Research Briefing
| Dec 1, 2022
Global goods trade to shrink in 2023
Our baseline forecast is now for world trade in goods to decline by 0.2% in 2023, a considerable downgrade from six months ago. The downturn is already visible in Asia in particular, and we expect it will also be driven by weaker imports in the US and Europe. Risks to our baseline forecasts remain skewed to the downside.
What you will learn:
- While coincident indicators suggest trade was still holding up in September, more forward-looking and timely indicators show a more downbeat picture, indicating that annual trade growth will turn clearly negative in the final months of 2022 and in early 2023.

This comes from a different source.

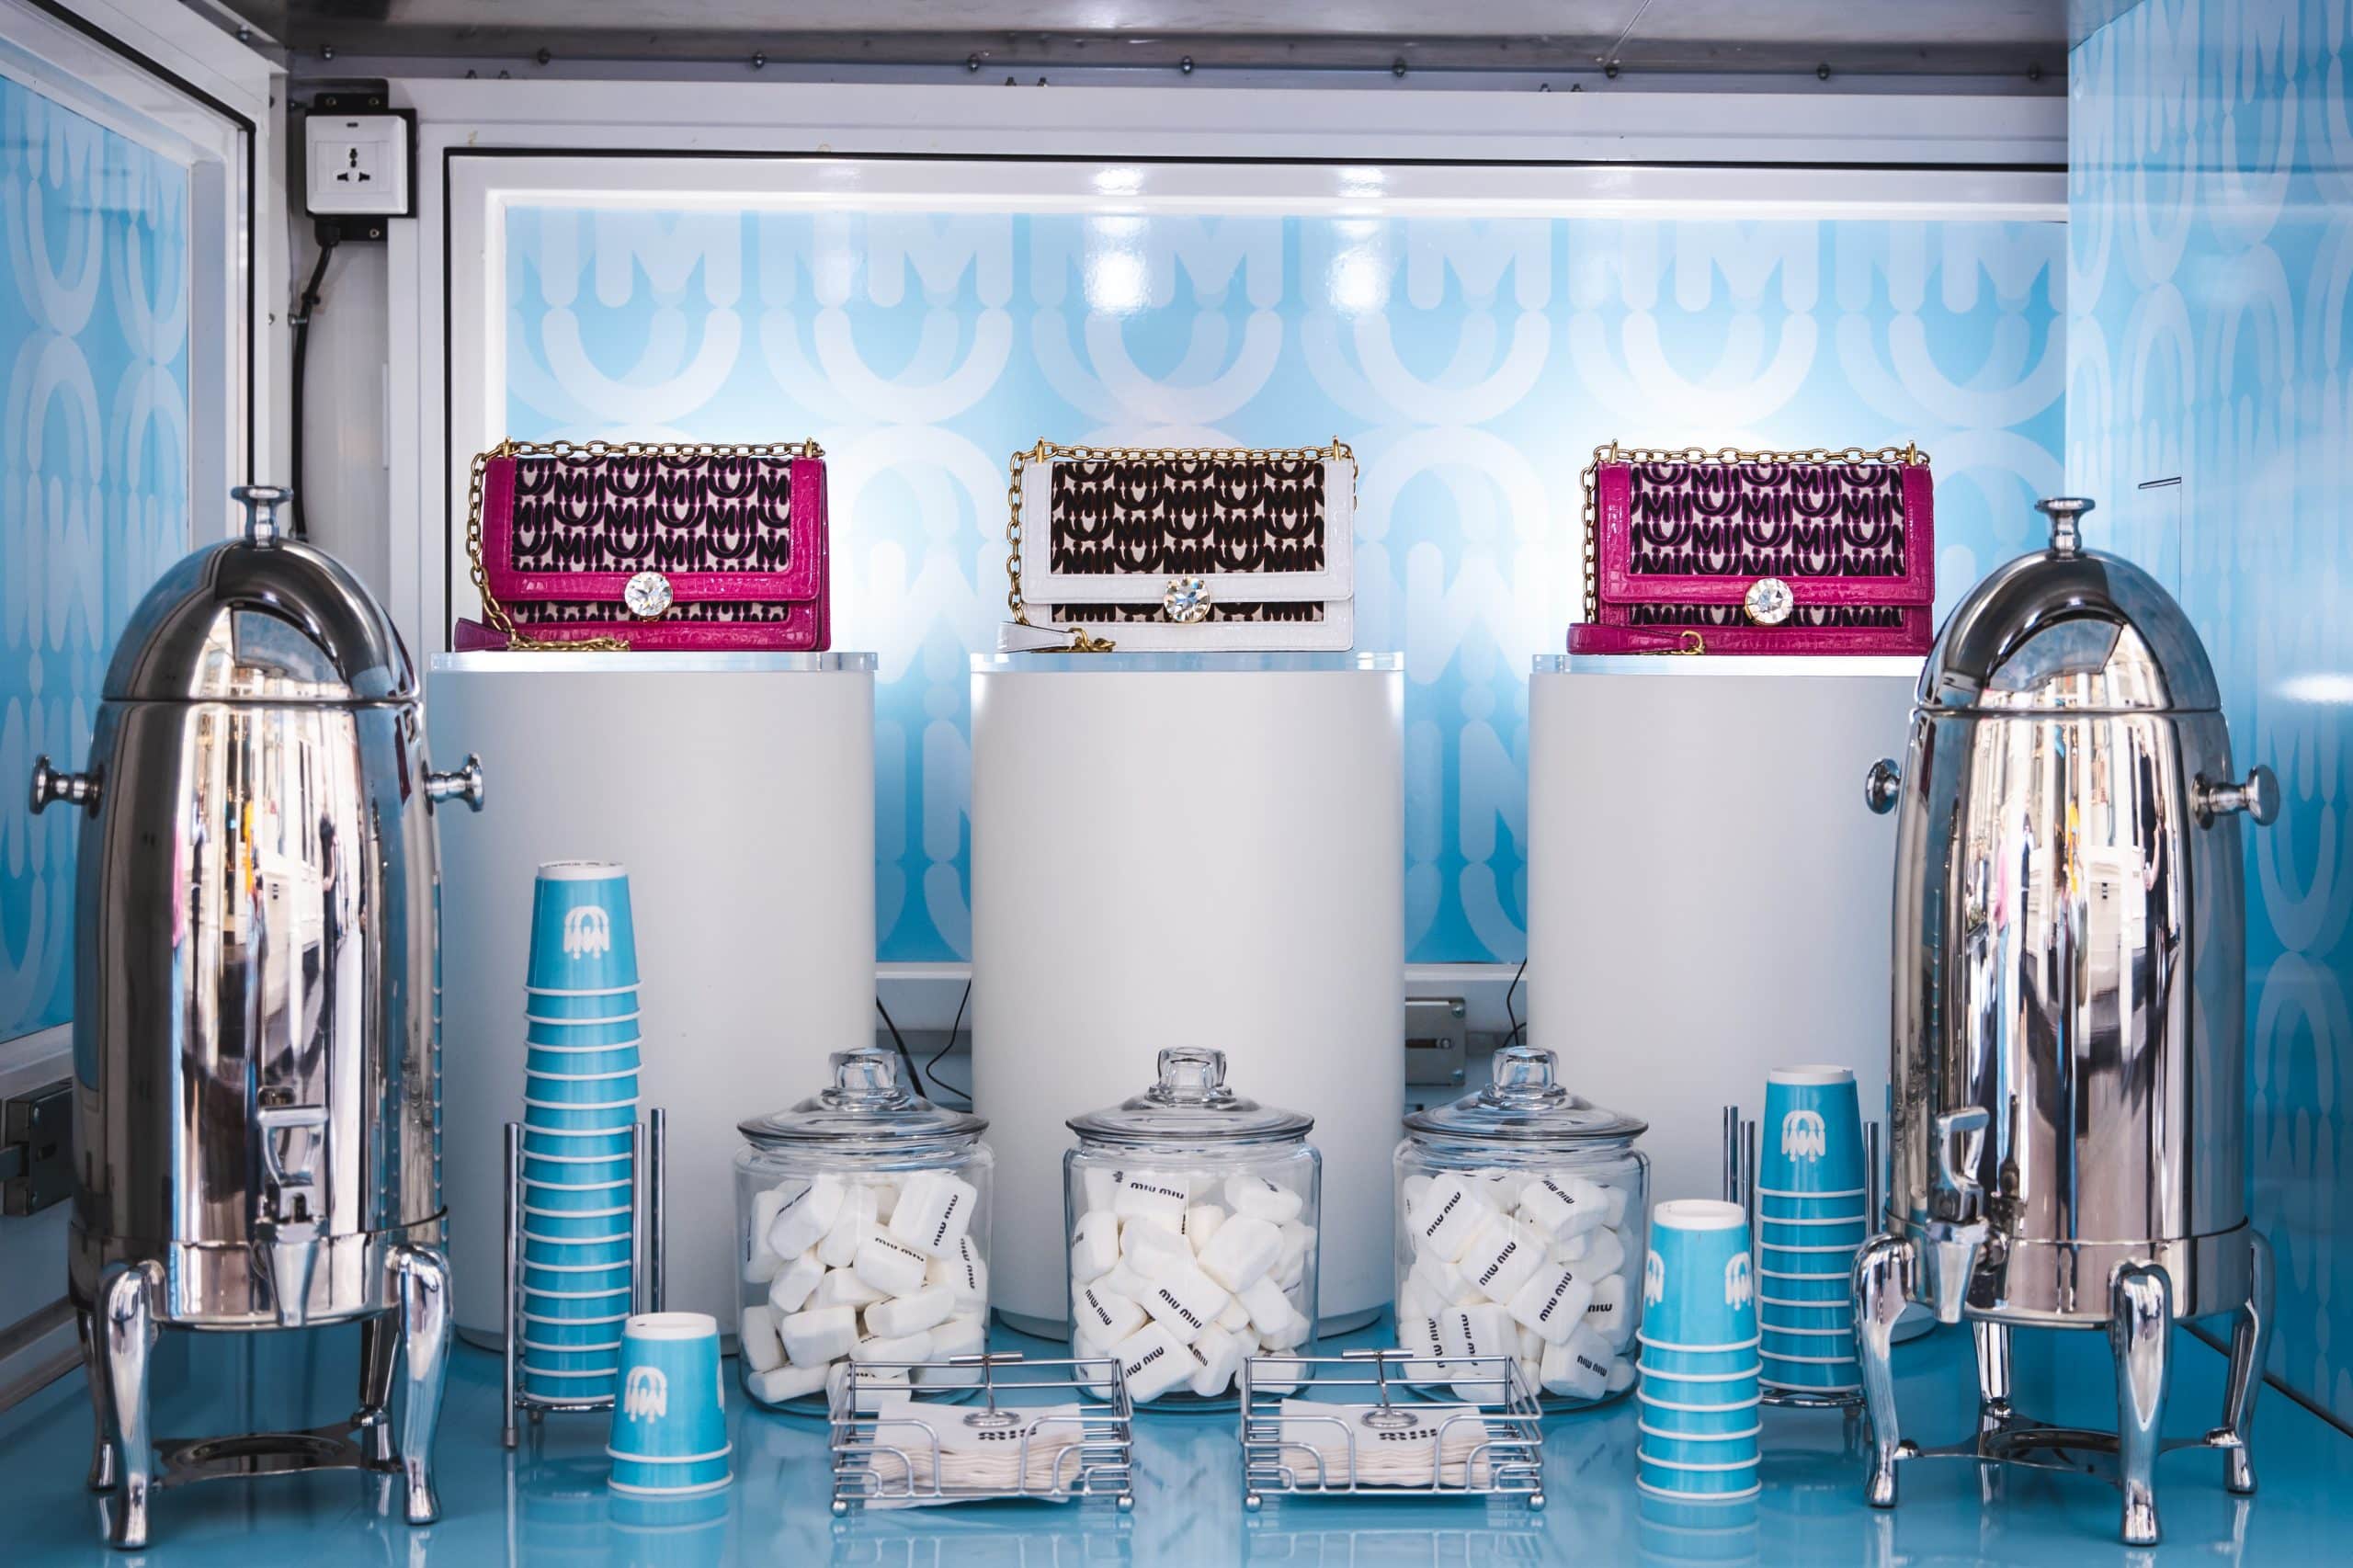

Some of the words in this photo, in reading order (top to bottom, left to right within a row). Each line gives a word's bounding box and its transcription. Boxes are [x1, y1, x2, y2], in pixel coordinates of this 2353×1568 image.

- Asian trade trends are already looking negative, with exports from economies such as Taiwan, Hong Kong, Thailand, and South Korea weakening – in line with the risk indicators we presented in previous research. At a sectoral level, trends are mixed with weakness concentrated in consumer goods, IT goods, and intermediates, partly reflecting the rotation of consumer demand towards services.
- Our baseline forecast for trade looks similar to the downturns seen in global recessionary years such as 1981, 1992, and 2001. One key downside risk relates to investment, which is an import-intensive part of GDP. A much weaker investment outlook than in our baseline would imply a sharper fall in trade too, as in 1975 and 2009.